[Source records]
--
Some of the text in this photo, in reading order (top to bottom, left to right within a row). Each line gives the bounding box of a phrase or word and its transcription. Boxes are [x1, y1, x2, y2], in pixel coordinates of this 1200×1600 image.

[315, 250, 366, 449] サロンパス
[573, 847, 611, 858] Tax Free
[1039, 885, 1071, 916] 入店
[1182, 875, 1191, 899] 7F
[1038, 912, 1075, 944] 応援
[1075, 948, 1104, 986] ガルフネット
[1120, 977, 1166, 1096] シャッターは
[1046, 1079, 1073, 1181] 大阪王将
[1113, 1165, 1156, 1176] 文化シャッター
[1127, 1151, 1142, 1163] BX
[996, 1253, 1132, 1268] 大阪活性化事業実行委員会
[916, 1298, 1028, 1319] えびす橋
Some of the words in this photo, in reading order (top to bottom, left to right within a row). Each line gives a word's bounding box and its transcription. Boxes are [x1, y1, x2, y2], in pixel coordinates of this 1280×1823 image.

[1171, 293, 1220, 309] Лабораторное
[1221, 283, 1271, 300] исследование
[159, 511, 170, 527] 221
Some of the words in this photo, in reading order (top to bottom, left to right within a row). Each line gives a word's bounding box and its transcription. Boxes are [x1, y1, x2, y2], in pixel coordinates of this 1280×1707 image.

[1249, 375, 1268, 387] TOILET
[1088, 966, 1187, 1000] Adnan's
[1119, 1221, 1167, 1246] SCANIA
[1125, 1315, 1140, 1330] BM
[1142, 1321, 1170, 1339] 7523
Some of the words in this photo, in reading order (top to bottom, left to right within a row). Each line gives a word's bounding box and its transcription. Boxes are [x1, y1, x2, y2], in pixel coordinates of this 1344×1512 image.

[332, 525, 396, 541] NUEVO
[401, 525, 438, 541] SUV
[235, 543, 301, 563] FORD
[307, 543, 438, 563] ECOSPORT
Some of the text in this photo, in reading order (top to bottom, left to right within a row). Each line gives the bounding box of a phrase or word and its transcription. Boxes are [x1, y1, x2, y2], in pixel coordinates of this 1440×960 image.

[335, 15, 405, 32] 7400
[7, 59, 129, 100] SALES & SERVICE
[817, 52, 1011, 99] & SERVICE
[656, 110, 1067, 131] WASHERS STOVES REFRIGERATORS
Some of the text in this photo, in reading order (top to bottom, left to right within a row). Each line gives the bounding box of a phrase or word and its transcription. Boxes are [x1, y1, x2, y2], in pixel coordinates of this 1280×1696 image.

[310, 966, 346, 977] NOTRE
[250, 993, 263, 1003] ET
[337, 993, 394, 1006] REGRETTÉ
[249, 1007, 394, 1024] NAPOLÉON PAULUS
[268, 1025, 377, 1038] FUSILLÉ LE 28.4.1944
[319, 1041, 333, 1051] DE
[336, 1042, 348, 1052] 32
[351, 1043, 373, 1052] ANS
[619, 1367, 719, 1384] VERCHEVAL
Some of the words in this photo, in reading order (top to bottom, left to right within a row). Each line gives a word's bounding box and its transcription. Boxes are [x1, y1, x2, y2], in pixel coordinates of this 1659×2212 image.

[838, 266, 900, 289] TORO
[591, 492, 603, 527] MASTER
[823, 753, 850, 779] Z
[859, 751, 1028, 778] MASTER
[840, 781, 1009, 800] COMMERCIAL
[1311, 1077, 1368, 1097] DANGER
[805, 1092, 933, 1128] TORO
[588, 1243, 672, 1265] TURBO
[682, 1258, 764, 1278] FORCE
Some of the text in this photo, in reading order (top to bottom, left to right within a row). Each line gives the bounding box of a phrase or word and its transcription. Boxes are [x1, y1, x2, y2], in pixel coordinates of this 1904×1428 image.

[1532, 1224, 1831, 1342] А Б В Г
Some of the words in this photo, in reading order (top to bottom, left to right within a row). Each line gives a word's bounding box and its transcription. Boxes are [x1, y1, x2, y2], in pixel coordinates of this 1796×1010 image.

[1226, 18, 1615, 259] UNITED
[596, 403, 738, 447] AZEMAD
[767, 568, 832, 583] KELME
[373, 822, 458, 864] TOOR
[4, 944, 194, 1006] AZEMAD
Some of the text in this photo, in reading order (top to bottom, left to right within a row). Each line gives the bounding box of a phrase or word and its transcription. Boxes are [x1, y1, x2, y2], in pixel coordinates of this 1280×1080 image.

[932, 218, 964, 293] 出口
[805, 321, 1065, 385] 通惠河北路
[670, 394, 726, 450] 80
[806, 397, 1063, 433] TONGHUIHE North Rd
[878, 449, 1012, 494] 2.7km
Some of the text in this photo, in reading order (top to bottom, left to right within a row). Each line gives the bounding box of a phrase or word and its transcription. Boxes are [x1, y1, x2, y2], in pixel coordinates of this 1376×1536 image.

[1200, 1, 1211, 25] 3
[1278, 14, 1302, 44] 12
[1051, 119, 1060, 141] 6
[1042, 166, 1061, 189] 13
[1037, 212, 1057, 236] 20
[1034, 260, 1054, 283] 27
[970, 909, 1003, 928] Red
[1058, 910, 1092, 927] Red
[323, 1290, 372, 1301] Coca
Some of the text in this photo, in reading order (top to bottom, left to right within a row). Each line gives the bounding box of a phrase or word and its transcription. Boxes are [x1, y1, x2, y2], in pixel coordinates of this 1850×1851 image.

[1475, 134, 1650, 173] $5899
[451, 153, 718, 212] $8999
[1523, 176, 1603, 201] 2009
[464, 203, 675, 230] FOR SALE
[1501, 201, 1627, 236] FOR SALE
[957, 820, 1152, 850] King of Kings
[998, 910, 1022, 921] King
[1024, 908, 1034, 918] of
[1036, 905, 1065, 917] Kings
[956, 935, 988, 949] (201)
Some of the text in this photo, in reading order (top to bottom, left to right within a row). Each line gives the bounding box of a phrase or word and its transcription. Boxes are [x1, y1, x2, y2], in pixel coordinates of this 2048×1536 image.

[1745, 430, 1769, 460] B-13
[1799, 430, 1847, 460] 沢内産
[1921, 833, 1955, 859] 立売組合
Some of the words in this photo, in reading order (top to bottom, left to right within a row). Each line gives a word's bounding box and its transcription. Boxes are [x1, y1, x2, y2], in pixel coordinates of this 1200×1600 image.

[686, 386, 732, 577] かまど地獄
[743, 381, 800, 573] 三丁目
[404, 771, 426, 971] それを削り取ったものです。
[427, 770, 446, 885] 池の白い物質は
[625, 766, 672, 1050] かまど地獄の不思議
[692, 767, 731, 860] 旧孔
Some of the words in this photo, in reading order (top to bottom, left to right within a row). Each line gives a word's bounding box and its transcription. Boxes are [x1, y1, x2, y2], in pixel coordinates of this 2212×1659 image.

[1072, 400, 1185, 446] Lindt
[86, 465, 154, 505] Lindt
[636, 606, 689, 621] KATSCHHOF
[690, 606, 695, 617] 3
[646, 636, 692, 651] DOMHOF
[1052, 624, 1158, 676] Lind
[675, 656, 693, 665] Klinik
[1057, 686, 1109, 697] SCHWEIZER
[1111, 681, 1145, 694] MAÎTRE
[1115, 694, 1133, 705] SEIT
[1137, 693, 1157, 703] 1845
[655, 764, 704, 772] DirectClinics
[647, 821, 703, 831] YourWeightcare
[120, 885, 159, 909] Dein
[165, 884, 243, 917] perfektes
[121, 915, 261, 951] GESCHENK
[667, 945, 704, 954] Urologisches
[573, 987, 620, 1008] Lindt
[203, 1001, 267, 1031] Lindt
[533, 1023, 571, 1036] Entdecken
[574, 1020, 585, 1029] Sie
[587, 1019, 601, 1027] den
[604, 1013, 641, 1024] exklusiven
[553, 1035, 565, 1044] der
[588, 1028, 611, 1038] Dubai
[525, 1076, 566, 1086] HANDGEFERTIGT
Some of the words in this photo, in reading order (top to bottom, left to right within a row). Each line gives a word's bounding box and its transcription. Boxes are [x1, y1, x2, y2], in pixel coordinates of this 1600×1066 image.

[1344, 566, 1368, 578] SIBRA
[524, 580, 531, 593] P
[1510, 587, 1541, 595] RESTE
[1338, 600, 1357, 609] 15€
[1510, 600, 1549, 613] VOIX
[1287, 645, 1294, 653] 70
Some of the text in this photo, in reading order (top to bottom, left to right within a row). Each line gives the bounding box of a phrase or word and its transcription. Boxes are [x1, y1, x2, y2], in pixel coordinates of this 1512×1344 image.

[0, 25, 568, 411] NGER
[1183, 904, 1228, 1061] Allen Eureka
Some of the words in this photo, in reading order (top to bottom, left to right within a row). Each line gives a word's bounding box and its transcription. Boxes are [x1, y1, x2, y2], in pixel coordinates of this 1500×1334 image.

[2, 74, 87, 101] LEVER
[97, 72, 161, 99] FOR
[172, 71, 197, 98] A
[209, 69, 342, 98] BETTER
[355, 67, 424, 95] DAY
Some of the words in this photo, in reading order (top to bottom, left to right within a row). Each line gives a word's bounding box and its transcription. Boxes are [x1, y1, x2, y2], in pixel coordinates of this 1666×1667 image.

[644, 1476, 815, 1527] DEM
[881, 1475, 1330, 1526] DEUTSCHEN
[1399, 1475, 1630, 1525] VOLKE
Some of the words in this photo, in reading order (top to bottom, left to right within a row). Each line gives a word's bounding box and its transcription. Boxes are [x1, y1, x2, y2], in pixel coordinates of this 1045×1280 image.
--
[Work order]
Keep only the lines from the one containing "this 1666×1667 image." to the end of the entries, and repeat them exactly.

[Written answer]
Some of the words in this photo, in reading order (top to bottom, left to right within a row). Each line gives a word's bounding box and its transcription. Boxes are [x1, y1, x2, y2], in pixel coordinates of this 1666×1667 image.

[644, 1476, 815, 1527] DEM
[881, 1475, 1330, 1526] DEUTSCHEN
[1399, 1475, 1630, 1525] VOLKE
Some of the words in this photo, in reading order (top to bottom, left to right within a row). Each line gives a word's bounding box and its transcription. Boxes are [x1, y1, x2, y2], in pixel coordinates of this 1045×1280 image.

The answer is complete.